Material for this exercise:
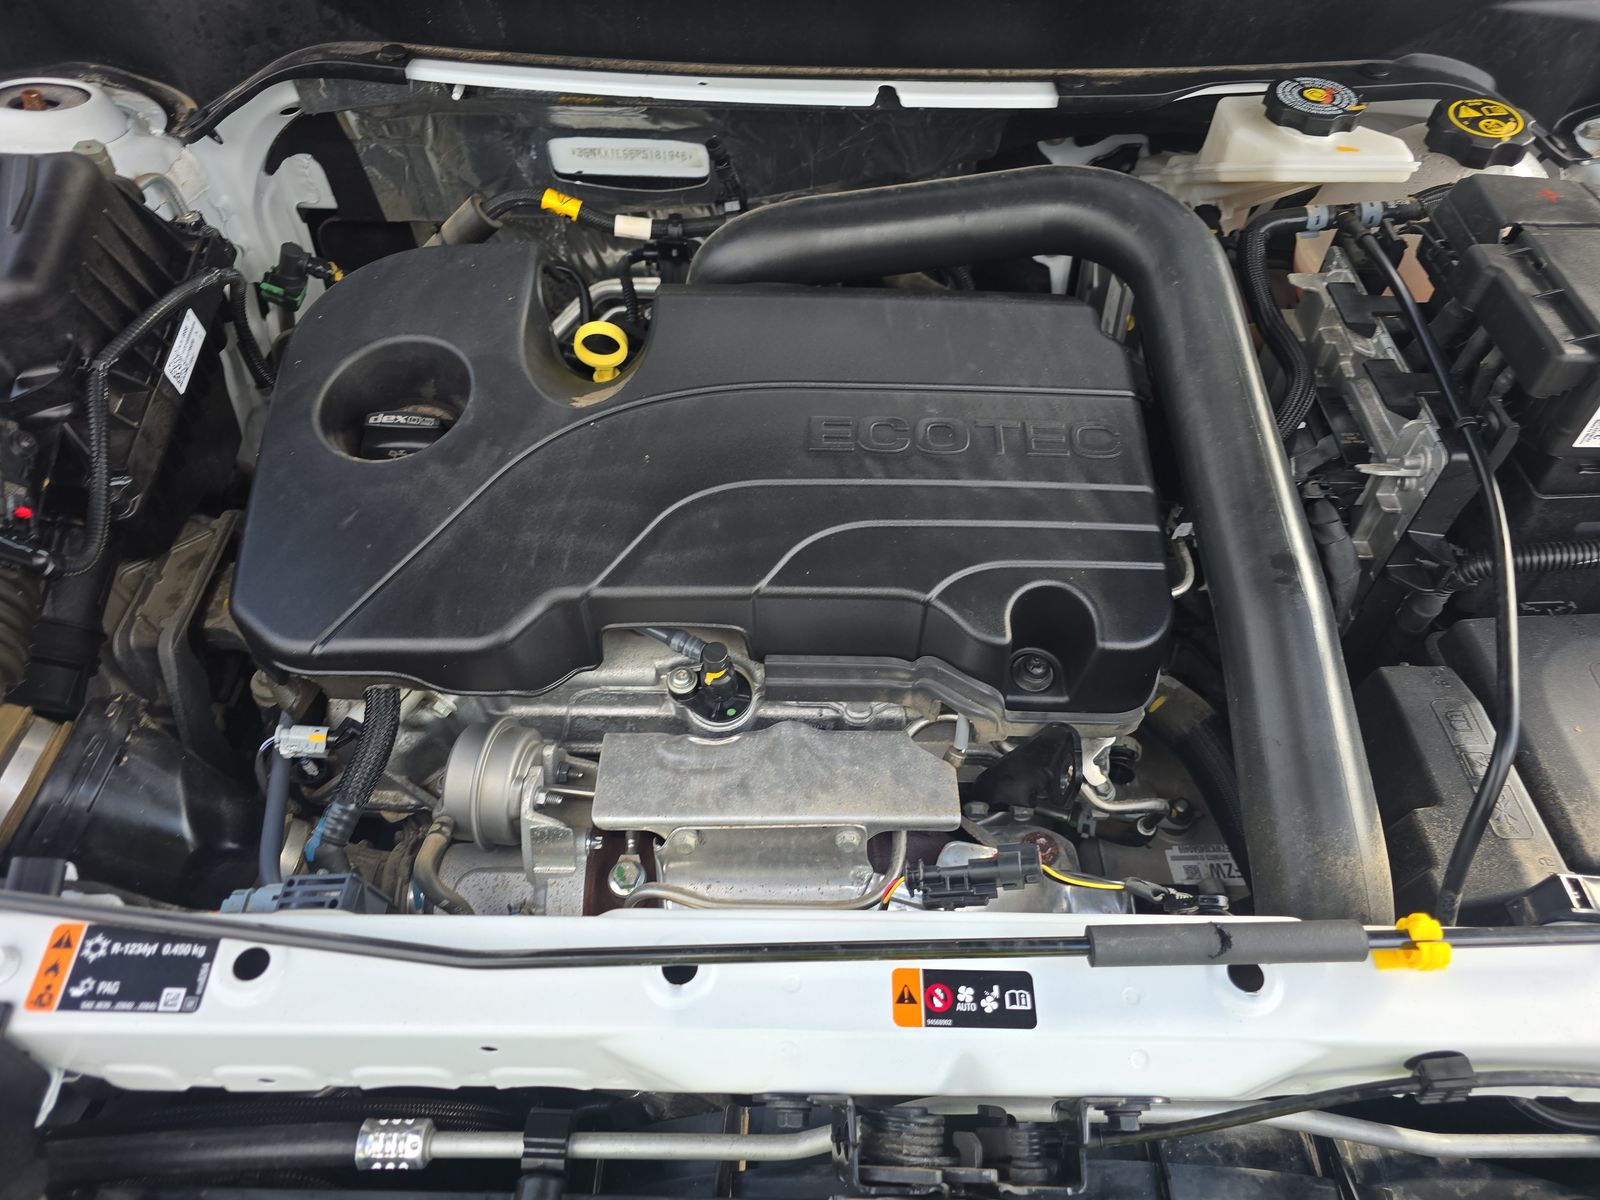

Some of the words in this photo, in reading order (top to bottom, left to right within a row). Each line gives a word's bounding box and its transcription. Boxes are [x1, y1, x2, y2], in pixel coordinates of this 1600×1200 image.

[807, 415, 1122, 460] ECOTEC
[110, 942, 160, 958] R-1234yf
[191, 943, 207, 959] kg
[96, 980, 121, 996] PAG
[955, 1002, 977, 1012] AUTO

Work order: Everything in the entries must come back exactly, except the pictures.

Exercise result:
Some of the words in this photo, in reading order (top to bottom, left to right within a row). Each line gives a word's bounding box and its transcription. Boxes are [x1, y1, x2, y2], in pixel coordinates of this 1600×1200 image.

[807, 415, 1122, 460] ECOTEC
[110, 942, 160, 958] R-1234yf
[191, 943, 207, 959] kg
[96, 980, 121, 996] PAG
[955, 1002, 977, 1012] AUTO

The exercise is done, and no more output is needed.